How to complete this task: Would you copy out the following entries exactly, without any of the pictures?

..............................

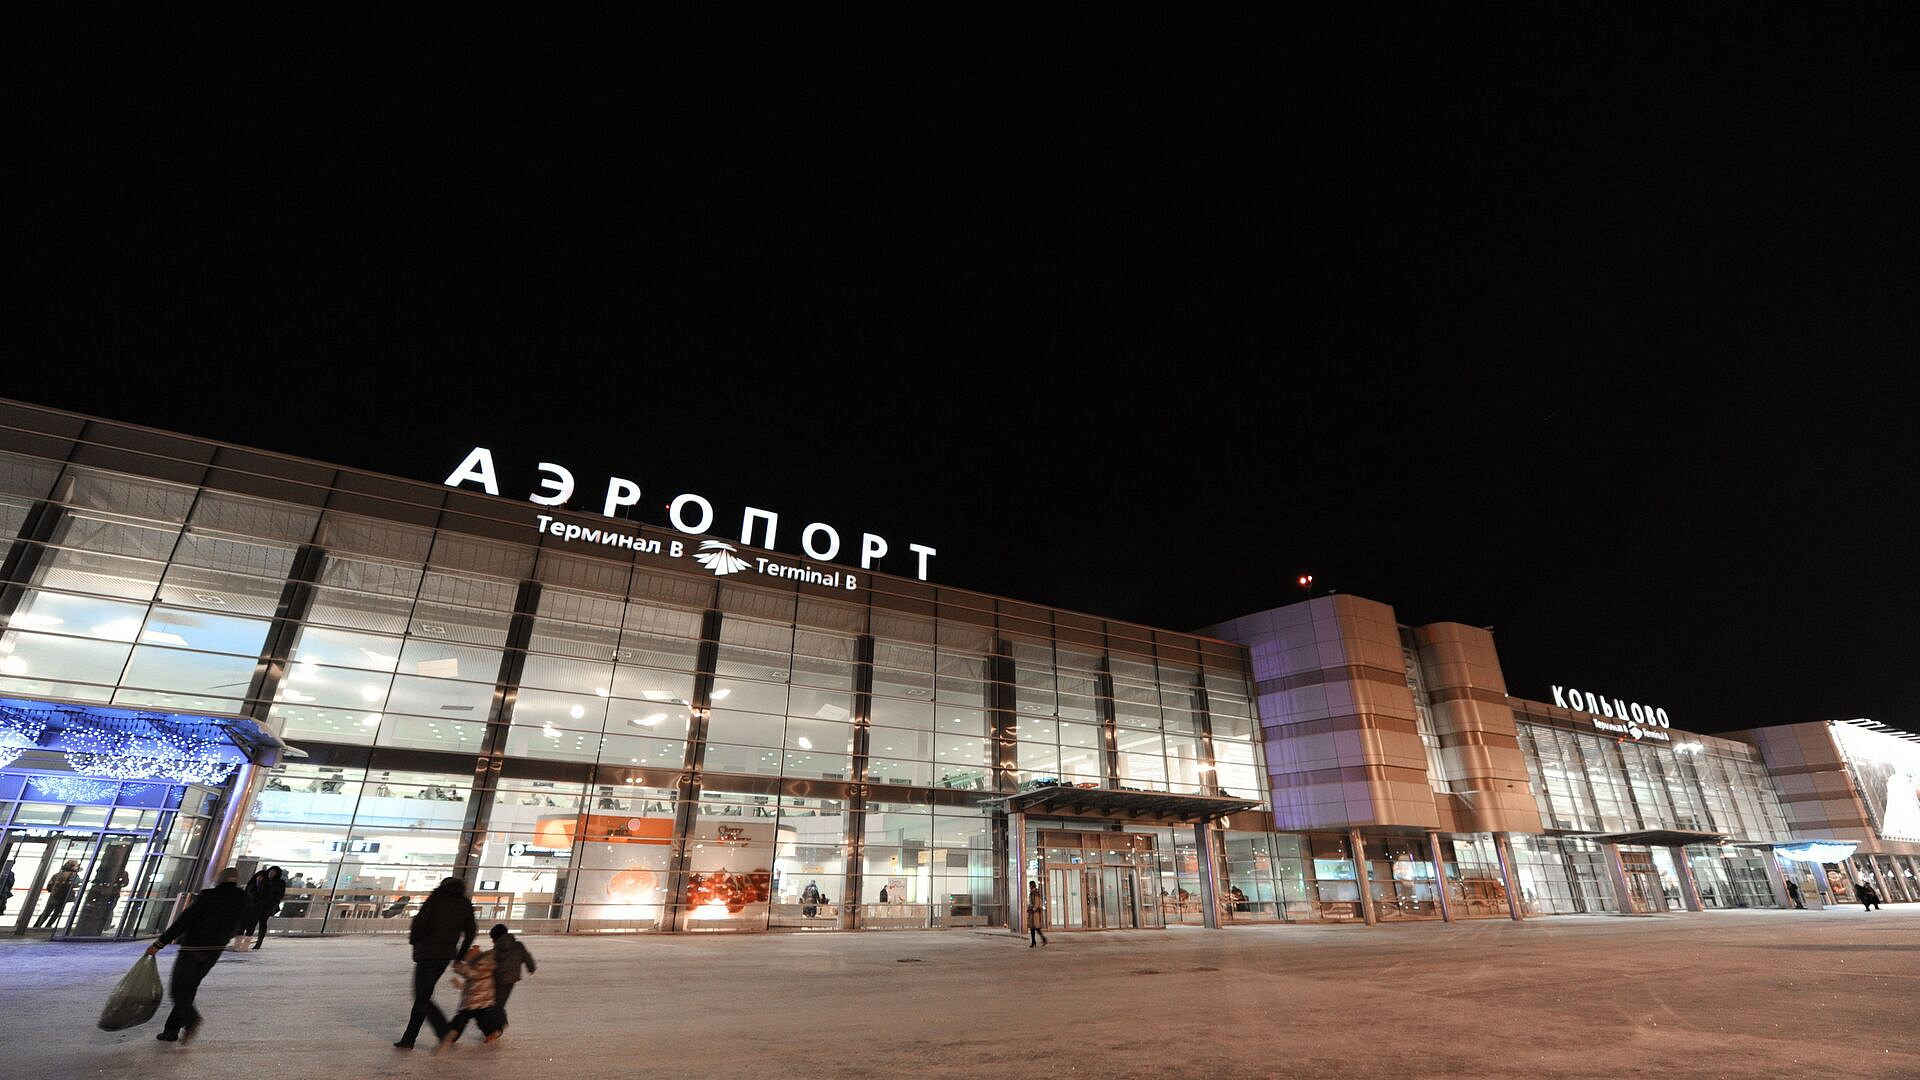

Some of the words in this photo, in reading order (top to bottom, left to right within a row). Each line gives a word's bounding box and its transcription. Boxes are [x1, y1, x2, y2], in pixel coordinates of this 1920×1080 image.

[444, 446, 937, 582] АЭРОПОРТ
[536, 514, 661, 554] Терминал
[755, 557, 840, 588] Terminal
[844, 574, 857, 591] B
[1551, 684, 1670, 729] КОЛЬЦОВО

..............................

Response to this task:
Some of the words in this photo, in reading order (top to bottom, left to right within a row). Each line gives a word's bounding box and its transcription. Boxes are [x1, y1, x2, y2], in pixel coordinates of this 1920×1080 image.

[444, 446, 937, 582] АЭРОПОРТ
[536, 514, 661, 554] Терминал
[755, 557, 840, 588] Terminal
[844, 574, 857, 591] B
[1551, 684, 1670, 729] КОЛЬЦОВО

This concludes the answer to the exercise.